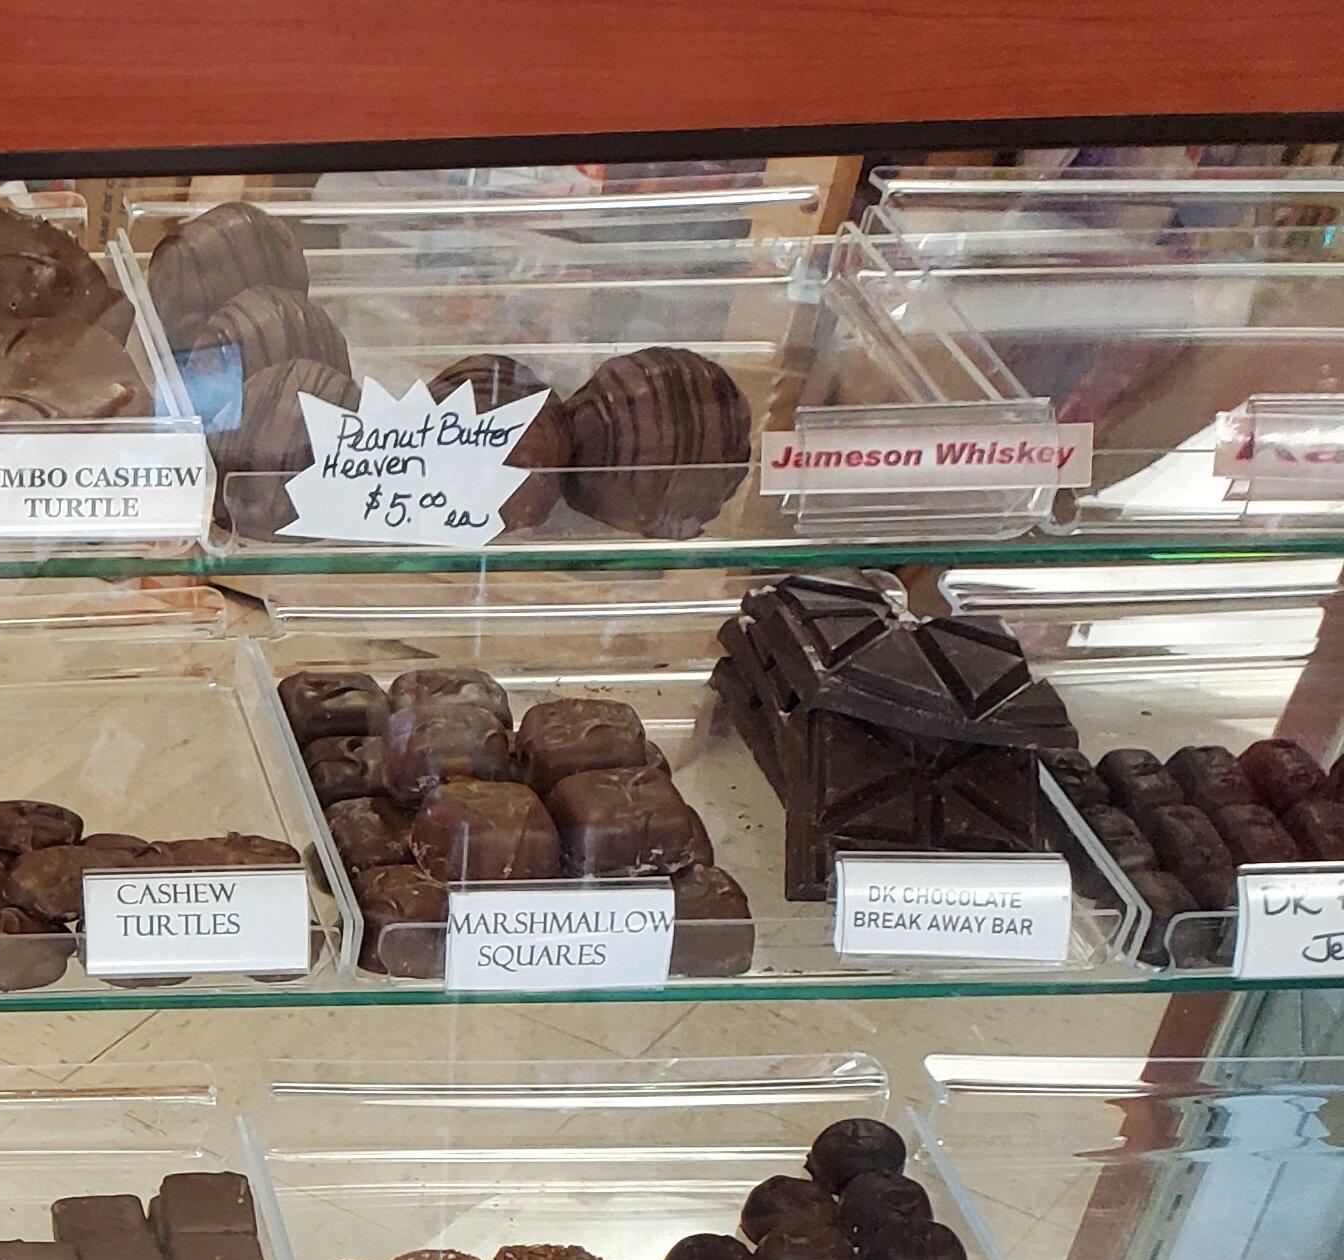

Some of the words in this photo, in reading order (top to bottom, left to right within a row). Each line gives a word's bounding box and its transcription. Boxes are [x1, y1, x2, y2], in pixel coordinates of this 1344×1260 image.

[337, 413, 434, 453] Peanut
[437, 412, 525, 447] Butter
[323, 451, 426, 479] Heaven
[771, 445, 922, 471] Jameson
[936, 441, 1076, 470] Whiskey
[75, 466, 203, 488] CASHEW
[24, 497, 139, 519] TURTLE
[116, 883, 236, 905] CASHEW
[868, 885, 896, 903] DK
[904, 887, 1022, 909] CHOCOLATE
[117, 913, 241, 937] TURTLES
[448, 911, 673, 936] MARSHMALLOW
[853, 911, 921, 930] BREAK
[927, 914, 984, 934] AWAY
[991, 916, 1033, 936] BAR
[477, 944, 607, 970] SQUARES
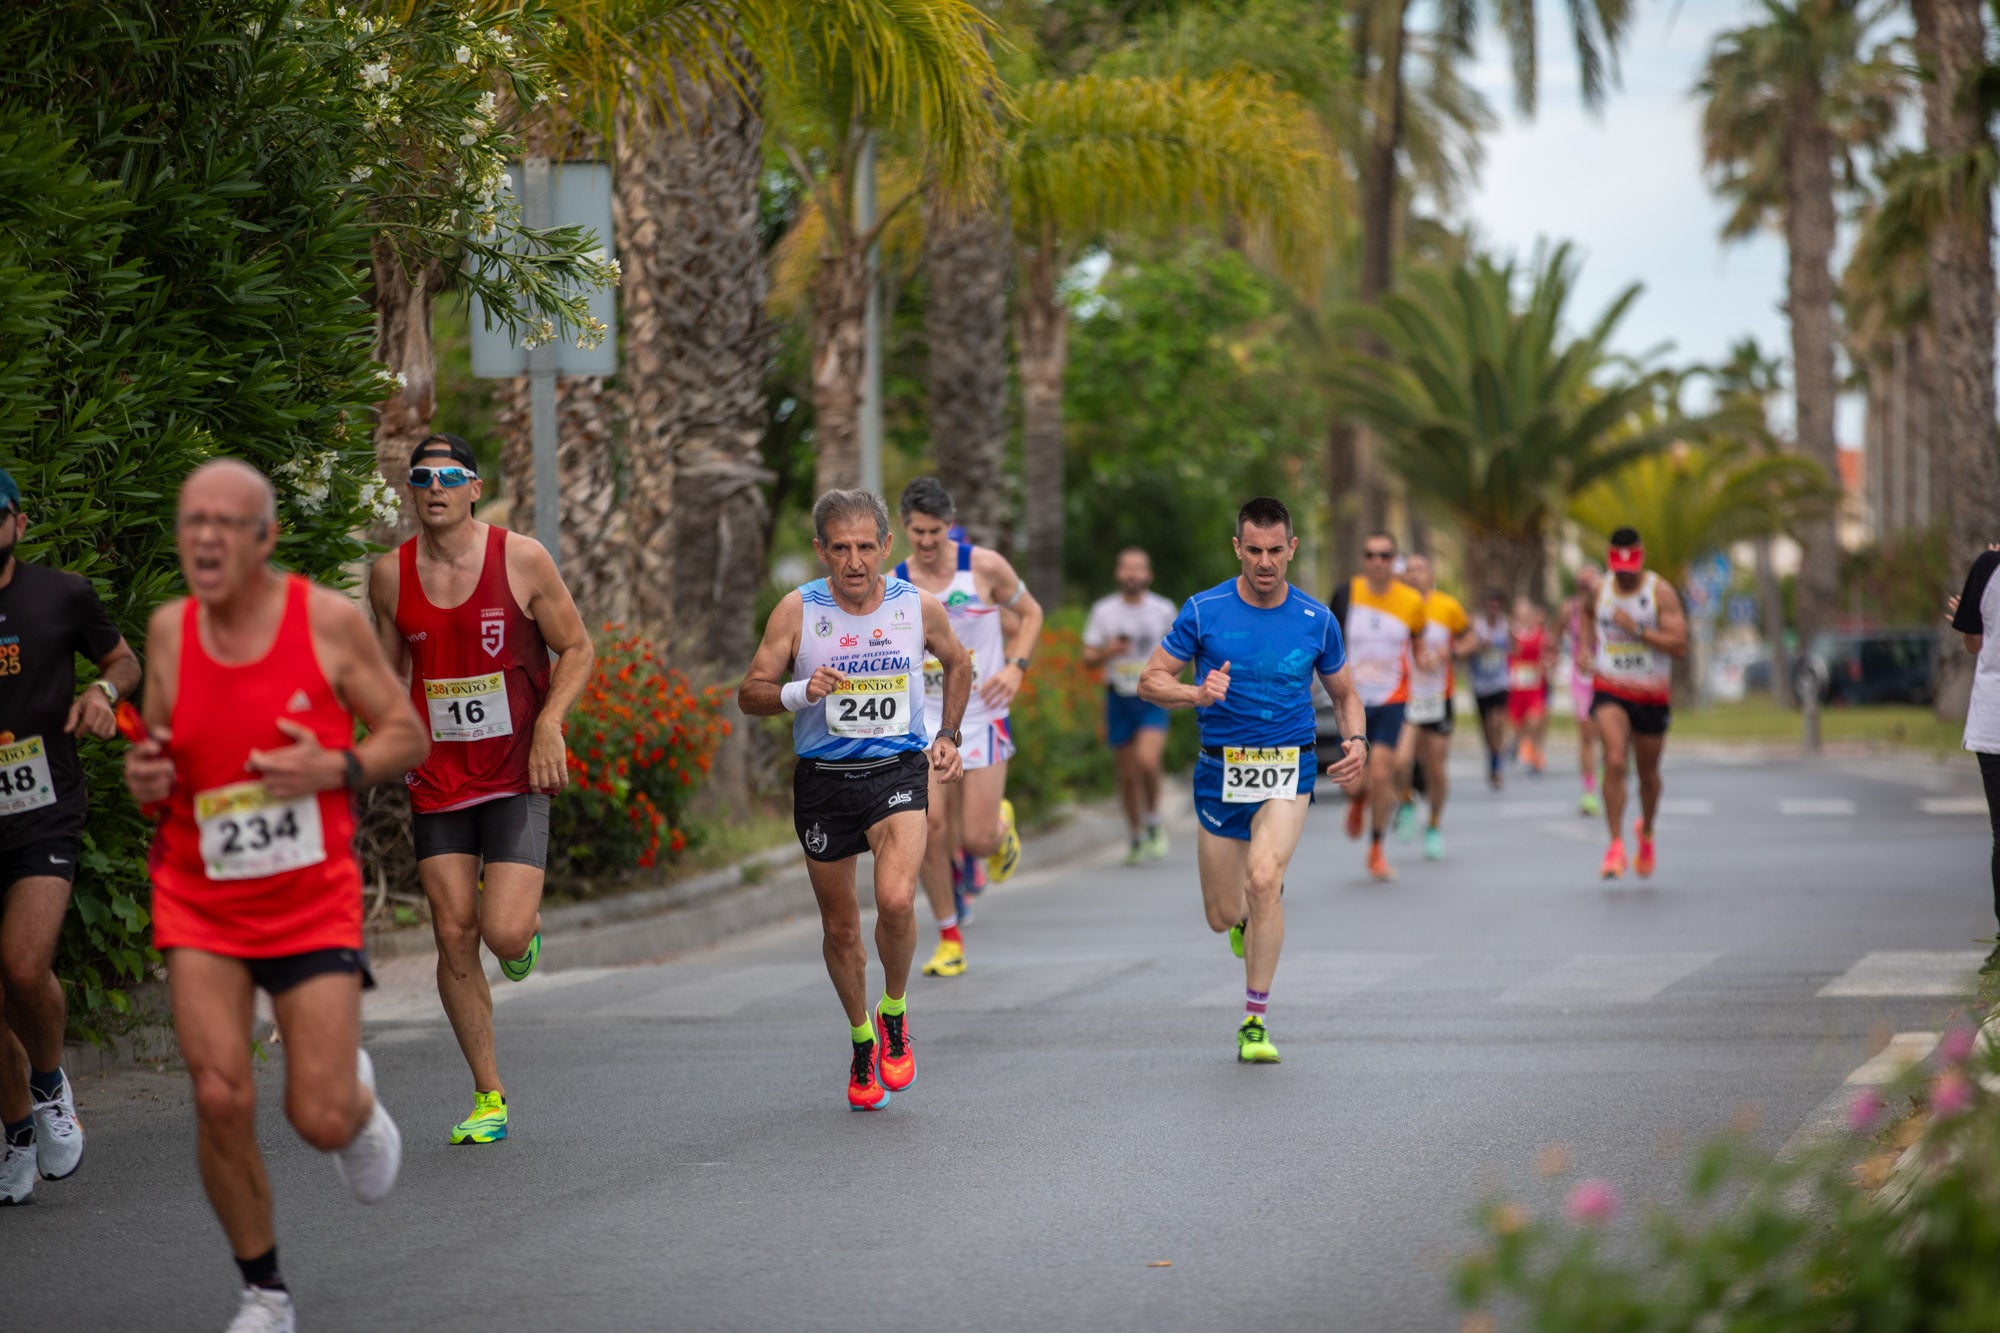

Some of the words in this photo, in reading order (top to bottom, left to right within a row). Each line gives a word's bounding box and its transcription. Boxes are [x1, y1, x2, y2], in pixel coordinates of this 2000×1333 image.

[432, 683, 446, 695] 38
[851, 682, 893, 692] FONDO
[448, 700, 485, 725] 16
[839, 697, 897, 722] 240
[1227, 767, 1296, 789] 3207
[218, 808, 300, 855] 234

## Task description
The line containing "this 2000×1333 image." and every line after it, through the last one above, should be written out word for word.

## Task result
Some of the words in this photo, in reading order (top to bottom, left to right within a row). Each line gives a word's bounding box and its transcription. Boxes are [x1, y1, x2, y2], in pixel coordinates of this 2000×1333 image.

[432, 683, 446, 695] 38
[851, 682, 893, 692] FONDO
[448, 700, 485, 725] 16
[839, 697, 897, 722] 240
[1227, 767, 1296, 789] 3207
[218, 808, 300, 855] 234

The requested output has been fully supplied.